Gli si era fermato il cuore e per qualche minuto aveva perso conoscenza, il dramma è durato pochi minuti, la tragedia è stata rimandata. «Non ci avevo mai pensato prima. Ma sai come sono gli attori, suona bello dire che una volta sei morto».

Gli anni che passano, la nascita del quarto figlio Roman l’anno scorso con la giovanissima Noor Alfallah (30 anni, ex di Mick Jagger) e il progetto di un nuovo Re Lear per il grande schermo sono al centro del memoir in uscita per Penguin Random House, titolo Sonny Boy, perché Sonny era il nome con cui i compagni di scuola lo chiamavano da ragazzo.

Il terrore della morte, ma anche la gioia della paternità dopo che i medici gli avevano detto che non poteva più avere figli, al punto che avrebbe chiesto un test del dna pensando che Noor stesse cercando di «intrappolarlo». Alla domanda da dove il piccolo Roman dovrebbe partire per conoscere suo padre come attore quando lui non ci sarà più, Al Pacino ha suggerito il piccolo ruolo nella commedia di Adam Sandler Jack and Jill in cui lui fa la parodia di una pubblicità per Dunkin’s Donuts, un suggerimento che pare ironico visto che vinse un Razzie Award come peggior attore non protagonista: «È una parte buffa.

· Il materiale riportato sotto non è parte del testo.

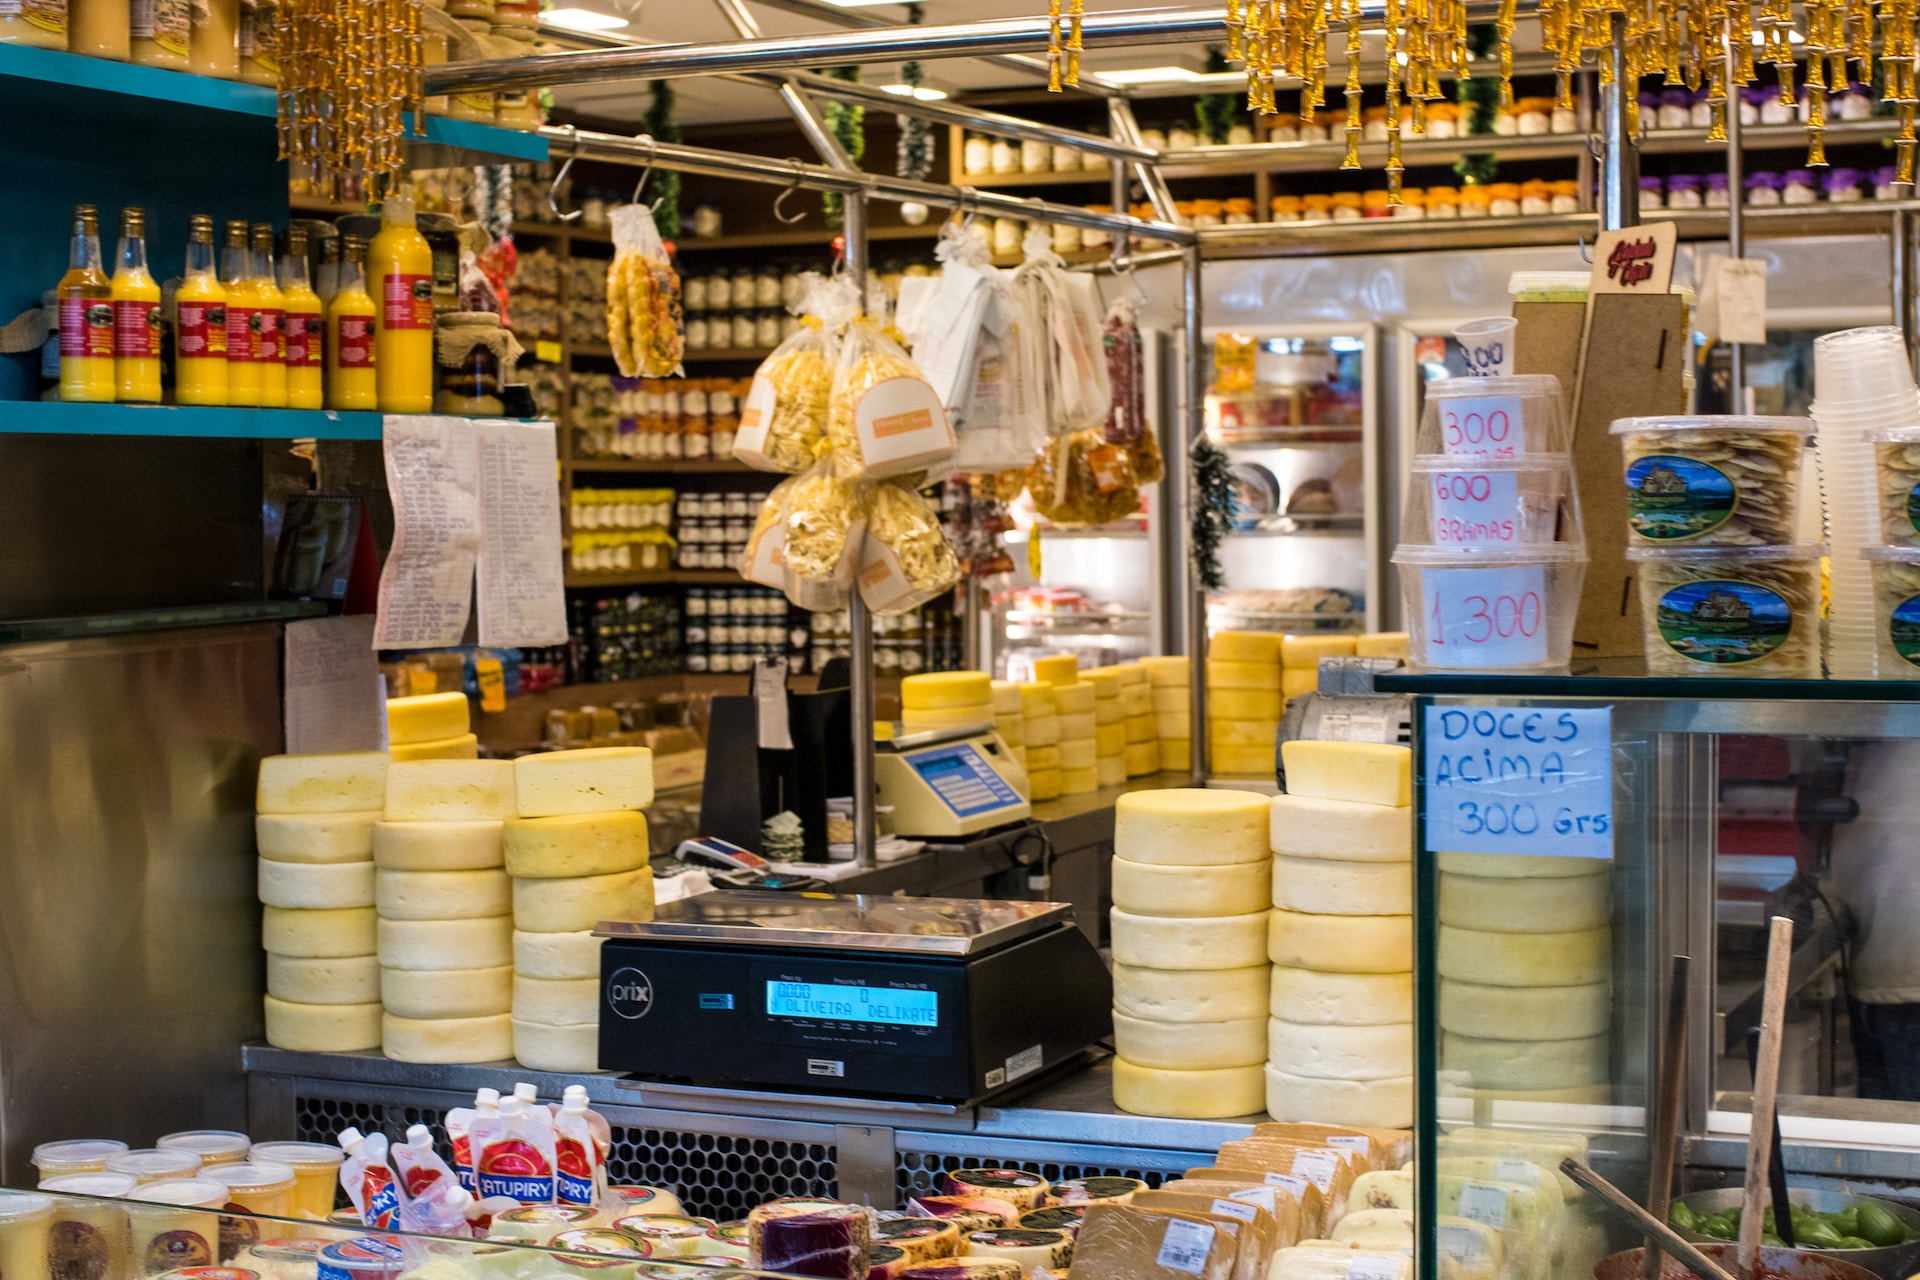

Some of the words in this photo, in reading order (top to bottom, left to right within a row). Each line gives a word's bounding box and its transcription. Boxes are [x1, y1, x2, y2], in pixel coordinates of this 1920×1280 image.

[1445, 410, 1510, 446] 300
[1436, 473, 1491, 502] 600
[1437, 517, 1514, 542] GRAMAS
[1441, 710, 1578, 743] DOCES
[1458, 801, 1539, 835] 300
[612, 981, 649, 1005] prix
[785, 998, 853, 1016] OLIVEIRA
[868, 1004, 937, 1022] DELIKATE

Era un periodo in cui dovevo farlo perché non avevo soldi, il contabile che mi aveva truffato era finito in prigione e avevo bisogno di qualcosa subito. Così ho accettato».

Il rapporto con i soldi è stato un suo tallone d’Achille, nel libro scrive di essere cresciuto povero e anche di come, negli anni 2000, abbia perso un sacco di soldi perché il suo commercialista lo ha fregato. Ma anche prima di allora, Al Pacino spendeva in modo sfrenato: 300 o 400mila dollari al mese. Per dire, il suo paesaggista prendeva 400mila dollari all’anno. Ironica anche la risposta su suo rapporto con il denaro: «Oh, è meglio che non lo dica. Potrebbe essere contagioso...».

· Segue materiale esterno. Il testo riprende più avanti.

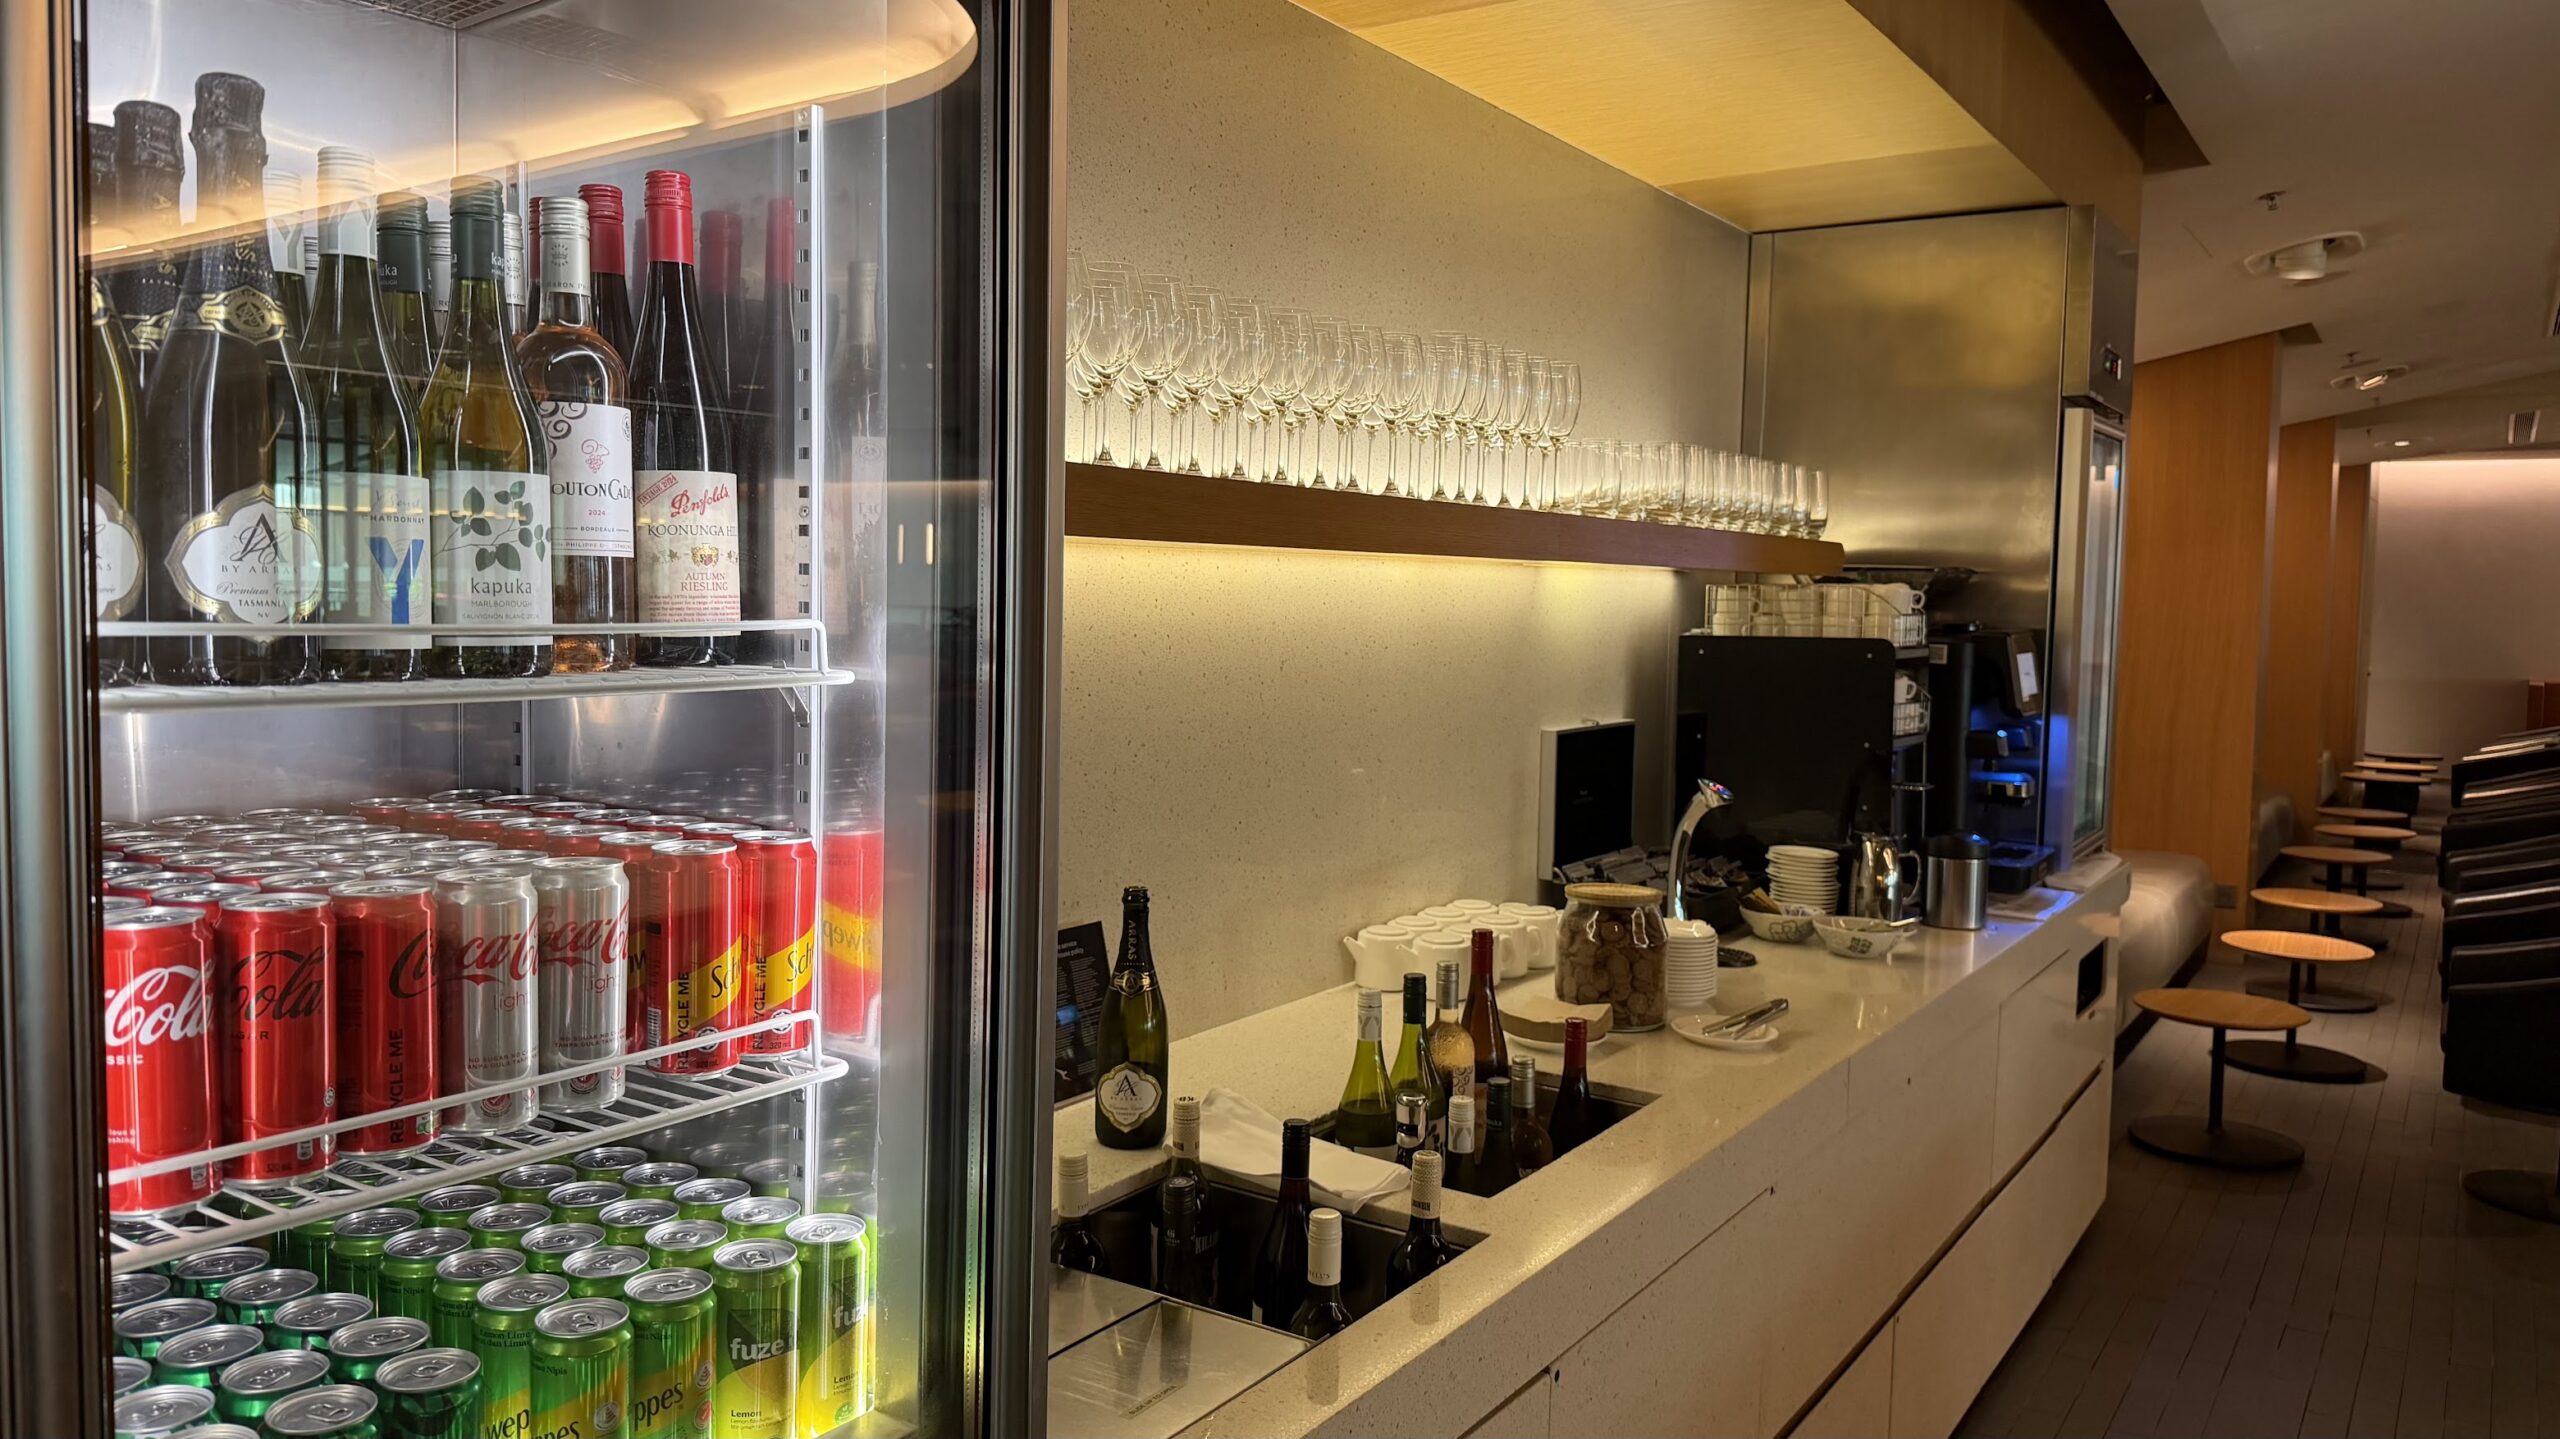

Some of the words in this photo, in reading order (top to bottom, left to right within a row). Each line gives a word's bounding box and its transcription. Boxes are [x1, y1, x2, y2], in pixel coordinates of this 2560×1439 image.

Per il mondo intero Al Pacino è esploso sulla scena come una supernova. Tra il 1972 e il 1975 recitò in quattro film — Il Padrino e Il Padrino Parte II, Serpico e Quel pomeriggio di un giorno da cani — che non sono stati solo dei successi, ma delle pietre miliari nella storia del cinema. Era dai tempi di Marlon Brando e James Dean, alla fine degli anni Cinquanta, che un attore non irrompeva nella cultura popolare con tanta forza. Eppure vive il suo lavoro come una routine, «di solito, quando faccio film, non sono molto felice. Possono essere noiosi, ma puoi andare nel tuo camper e fare quello che vuoi. Ci sono così tante cose su YouTube. Ci sono Ibsen, Cechov e Strindberg. Mi piace anche TikTok quando lo guardo». L’ironia però è sempre un porto sicuro: «Uno dei migliori consigli che abbia mai ricevuto è stato quello di Lee Strasberg. Una volta Lee si avvicinò e disse: “Tesoro, devi imparare le tue battute”».